The World Health Organization has a new report showing dramatic decreases in malaria in Rwanda and Ethiopia following the large-scale distribution of long-lasting insecticidal nets (LLINs) and artemisinin-combination therapy drugs (ACTs) :
Our investigation showed that declines of malaria cases and deaths
were dramatic in Rwanda and Ethiopia (>50%) and occurred within 12-24
months of nationwide 11 distribution of LLINs and ACTs. In fact,
declines in in-patient cases and out-patient laboratory-confirmed
cases occurred within 60 days of nationwide distribution in Rwanda
(Figure 4). In both Rwanda and Ethiopia, similar declines (>50%)
occurred for impact measures that required malaria laboratory
testing–out-patient laboratory-confirmed cases and malaria slide
positivity rate. In Rwanda, all 19 health facilities performed malaria
smears on all suspected malaria cases. The decline in in-patient and
out-patient laboratory-confirmed malaria cases occurred in the face of
increases in out-patient and inpatient non-malaria cases in most
countries during 2001 to 2004-2005 due to introduction of health
insurance schemes, resolving civil conflict, and improvement of health
services.
The Washington Post story has some reactions:
“This is a genuinely historic achievement,” said Richard G.A. Feachem, former director of the Global Fund to Fight AIDS, Tuberculosis and Malaria who is now the director of the Global Health Group at the University of California at San Francisco. “This is not theoretical. We do not have to wait for a vaccine or new drugs. If we implement today’s technologies aggressively on a national scale, we will have a big impact.”
And The Economist reports
Based on the new results, Dr Kochi reckons that a five-year campaign costing about $10 billion would be enough to bring malaria under control in most of Africa, reducing the death rate to a matter of thousands a year.
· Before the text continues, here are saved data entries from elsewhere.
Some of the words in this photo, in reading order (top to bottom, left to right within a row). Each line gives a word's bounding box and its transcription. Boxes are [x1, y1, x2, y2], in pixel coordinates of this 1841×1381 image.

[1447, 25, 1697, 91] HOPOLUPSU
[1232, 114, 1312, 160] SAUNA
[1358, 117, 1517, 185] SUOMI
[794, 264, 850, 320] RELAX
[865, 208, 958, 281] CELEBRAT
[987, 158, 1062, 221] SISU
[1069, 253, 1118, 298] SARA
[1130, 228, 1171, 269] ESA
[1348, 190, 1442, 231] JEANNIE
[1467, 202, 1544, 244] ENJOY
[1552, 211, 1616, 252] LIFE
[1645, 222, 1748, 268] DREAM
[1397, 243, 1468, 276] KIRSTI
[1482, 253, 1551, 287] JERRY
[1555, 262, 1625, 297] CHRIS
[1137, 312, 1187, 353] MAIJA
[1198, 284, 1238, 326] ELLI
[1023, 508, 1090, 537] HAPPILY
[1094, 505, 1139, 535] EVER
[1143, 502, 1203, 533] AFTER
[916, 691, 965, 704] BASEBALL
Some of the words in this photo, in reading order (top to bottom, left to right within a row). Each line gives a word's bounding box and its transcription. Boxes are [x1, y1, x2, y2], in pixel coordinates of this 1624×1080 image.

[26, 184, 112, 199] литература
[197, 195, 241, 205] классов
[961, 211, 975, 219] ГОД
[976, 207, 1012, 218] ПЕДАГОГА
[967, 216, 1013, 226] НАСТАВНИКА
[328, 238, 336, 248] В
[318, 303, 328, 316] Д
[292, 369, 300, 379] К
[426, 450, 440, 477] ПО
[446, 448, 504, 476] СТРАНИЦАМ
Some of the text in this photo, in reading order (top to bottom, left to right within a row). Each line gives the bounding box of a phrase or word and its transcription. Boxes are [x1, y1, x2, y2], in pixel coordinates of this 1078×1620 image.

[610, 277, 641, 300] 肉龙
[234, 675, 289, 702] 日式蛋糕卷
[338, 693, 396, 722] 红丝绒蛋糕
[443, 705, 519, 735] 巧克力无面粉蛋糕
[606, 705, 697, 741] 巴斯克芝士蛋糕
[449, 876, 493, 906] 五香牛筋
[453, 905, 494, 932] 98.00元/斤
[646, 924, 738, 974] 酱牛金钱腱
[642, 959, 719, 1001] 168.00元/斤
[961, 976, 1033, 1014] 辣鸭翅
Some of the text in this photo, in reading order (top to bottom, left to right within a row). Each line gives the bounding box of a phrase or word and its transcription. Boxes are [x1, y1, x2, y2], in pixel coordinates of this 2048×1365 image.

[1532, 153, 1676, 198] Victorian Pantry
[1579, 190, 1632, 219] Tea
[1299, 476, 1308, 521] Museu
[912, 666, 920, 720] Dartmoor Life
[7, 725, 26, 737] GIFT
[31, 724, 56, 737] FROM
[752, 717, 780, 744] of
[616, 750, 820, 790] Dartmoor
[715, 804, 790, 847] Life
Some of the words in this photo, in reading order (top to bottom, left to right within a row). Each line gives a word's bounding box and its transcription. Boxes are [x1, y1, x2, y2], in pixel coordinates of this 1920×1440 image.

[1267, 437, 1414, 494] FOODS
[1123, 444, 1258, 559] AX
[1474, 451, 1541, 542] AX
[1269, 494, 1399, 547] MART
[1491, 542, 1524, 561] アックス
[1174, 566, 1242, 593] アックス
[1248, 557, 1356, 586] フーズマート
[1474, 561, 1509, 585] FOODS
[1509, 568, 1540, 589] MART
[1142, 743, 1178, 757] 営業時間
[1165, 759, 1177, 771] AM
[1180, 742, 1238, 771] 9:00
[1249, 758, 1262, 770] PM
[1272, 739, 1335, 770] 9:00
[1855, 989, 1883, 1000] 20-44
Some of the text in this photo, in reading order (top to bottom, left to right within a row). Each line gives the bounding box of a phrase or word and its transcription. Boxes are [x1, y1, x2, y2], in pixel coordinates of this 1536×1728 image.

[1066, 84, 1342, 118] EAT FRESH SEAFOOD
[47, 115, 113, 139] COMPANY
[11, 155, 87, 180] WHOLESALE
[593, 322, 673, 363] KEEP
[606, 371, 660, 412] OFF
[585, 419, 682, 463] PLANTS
Eliminating malaria altogether, though, would be a far harder task, involving destroying mosquitoes in the remaining pockets of infection. That is controversial: some — not least Dr Kochi — see it as a dangerous distraction until the easier job of bringing the disease under control is completed. Others want to aim straight away for elimination. In the long run, that should surely be the objective. But, as the old saying has it, the best can often turn out to be the enemy of the good. And the good now looks to be in sight.